In some ways it perhaps left him fresher for the run-in, but his control was missed in midfield. Having to play away at a hungry and refreshed Spurs without van Dijk, Jordan Henderson, Thiago and Fabinho, amongst others – and a teenage Tyler Morton anchoring the midfield – meant that, actually, a point was a good result; but City weren’t having to play teenage rookies in their toughest away games. (Cole Palmer started one game, at home to Everton.)

And now Thiago is injured again, six days ahead of the Champions League final, with Spain giving their team a two extra days to recover.

The miracle, having been 14 points behind and still facing AFCON absentees and injuries, was to get the gap to just one point going into the final game, whilst winning both domestic cups and reaching the yet-to-be-played Champions League final. Seriously, City nearly blew it. Liverpool have been the better team in 2022, across four competitions. 

City got lucky, blowing that lead and not blowing more thanks to the decision at Everton, but clearly they’ve made plenty of their own luck by being such a good team (even if the way it is funded is nauseating). 

For them, the situations where they choke tend to be in Europe, at key moments. Even then, the madness of fine margins: had Jack Grealish not been denied twice in incredible circumstances in the last minute when 1-0 up (and 3-1 up on aggregate), they’d have been facing Liverpool in the final, instead of it being Real Madrid. City then threw away two quick goals, then a third; just as they did to Villa today.

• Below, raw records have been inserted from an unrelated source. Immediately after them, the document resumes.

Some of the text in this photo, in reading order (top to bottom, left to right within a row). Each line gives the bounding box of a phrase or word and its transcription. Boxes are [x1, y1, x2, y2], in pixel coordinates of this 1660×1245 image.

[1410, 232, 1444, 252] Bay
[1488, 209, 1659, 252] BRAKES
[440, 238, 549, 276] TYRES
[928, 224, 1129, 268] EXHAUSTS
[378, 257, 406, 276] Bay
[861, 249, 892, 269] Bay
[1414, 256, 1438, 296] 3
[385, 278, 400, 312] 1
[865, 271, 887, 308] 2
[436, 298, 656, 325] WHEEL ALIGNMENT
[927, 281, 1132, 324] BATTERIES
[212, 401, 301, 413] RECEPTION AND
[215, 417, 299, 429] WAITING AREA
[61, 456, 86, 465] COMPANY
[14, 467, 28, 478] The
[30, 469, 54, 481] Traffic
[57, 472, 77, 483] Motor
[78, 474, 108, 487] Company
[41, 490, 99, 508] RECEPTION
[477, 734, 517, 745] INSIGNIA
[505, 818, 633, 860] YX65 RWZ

You can argue that City are better than Liverpool because they won the league, but pound for pound, and spread across the Champions League as well as the Premier League, you’d have to say that Liverpool have been the better team since 2018. They have achieved more for the money spent, and played the more exciting football. (Not that City’s football is dull: I think it’s technically excellent, and can be exciting. They have an incredible squad, albeit you can’t separate that from the money it cost to assemble.)

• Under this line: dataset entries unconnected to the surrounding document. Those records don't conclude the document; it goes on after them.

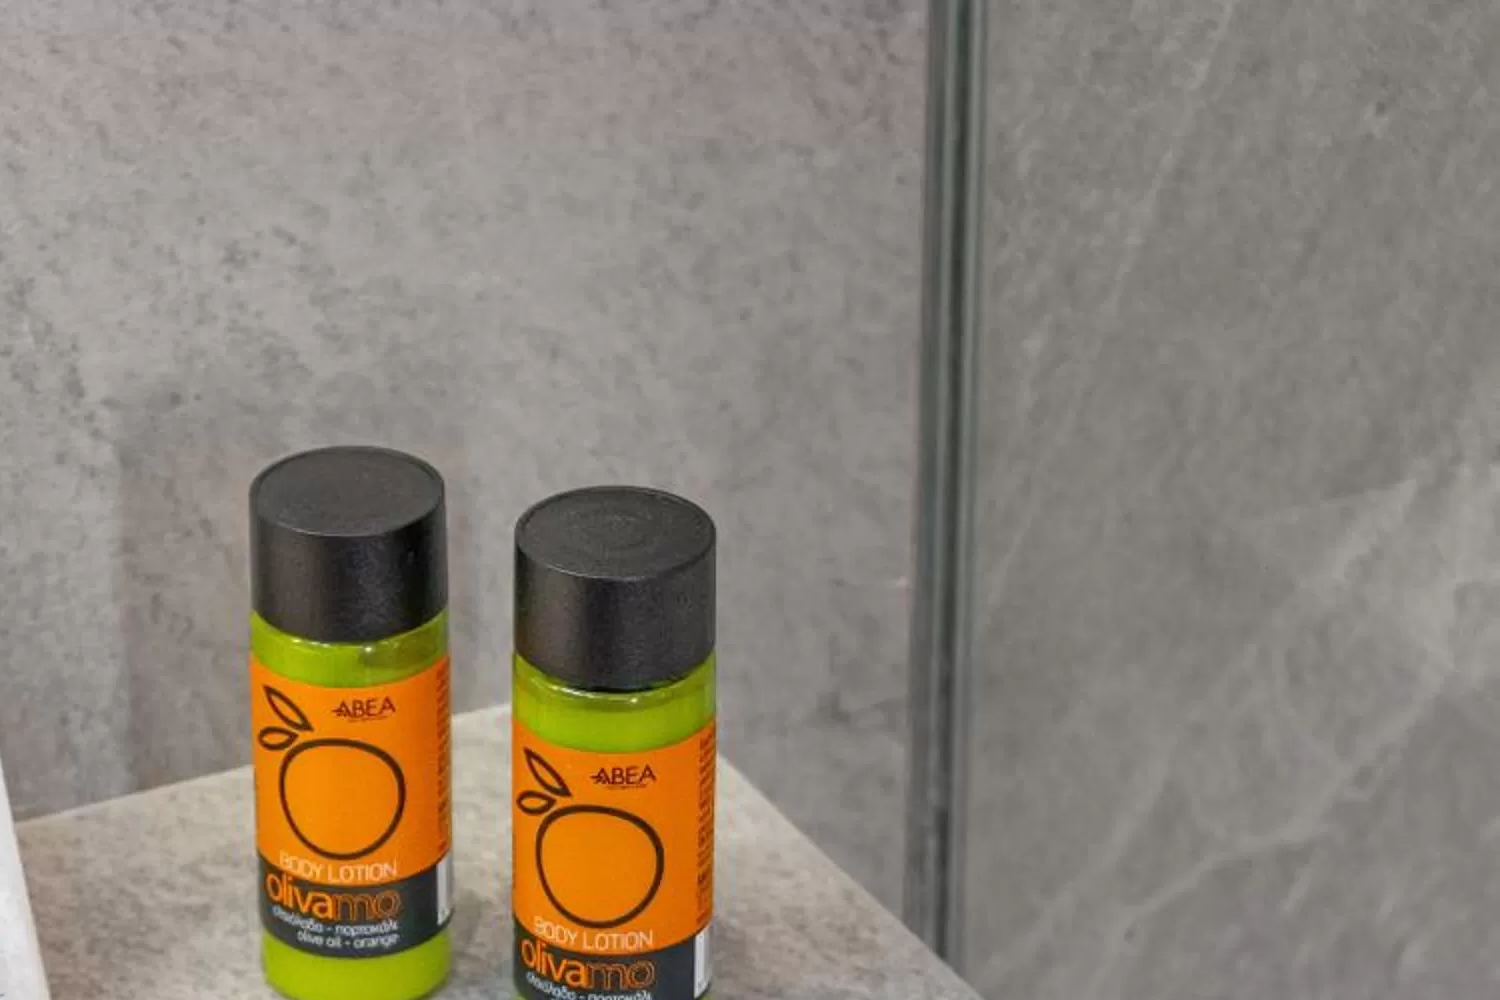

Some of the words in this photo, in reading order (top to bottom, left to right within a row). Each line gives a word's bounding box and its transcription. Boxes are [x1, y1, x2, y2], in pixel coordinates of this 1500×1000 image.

[280, 850, 323, 881] BODY
[327, 857, 398, 882] LOTION
[265, 872, 404, 921] olivamo
[296, 931, 324, 946] olive
[326, 935, 343, 949] oil
[353, 933, 400, 949] orange
[533, 916, 578, 946] BODY
[582, 930, 653, 951] LOTION
[521, 938, 656, 991] olivamo

Back in 2019, Liverpool became the first English club to reach a Champions League/European Cup final while racking up more than 90 points (38 games). This season they’ve just done it again, to become the second. It’s the third 90+ point finish in just four seasons. City fans can enjoy their success, but this also shows how amazing Liverpool are.

All this is why Liverpool are still ranked as the best team in the world right now (just ahead of City), and have been for a large chunk of 2022. City get to lift the title trophy, and that’s life; just as Kepa missing a penalty won Liverpool the League Cup.  

One final thought is that this Liverpool team is almost always at its most dangerous and devastating after disappointment. 

But with just six days until Paris – a nice enough turnaround time if there hadn’t already been so many games (and new injuries) – it may be hard to find the energy for one last push. 

Madrid, also with a squad costing much more than Liverpool’s, should not allowed to treat the game as plucky underdogs, with more time to prepare, too. 

But whatever Liverpool have left in the tank on Saturday, you’ll know they’ll give every last drop of it.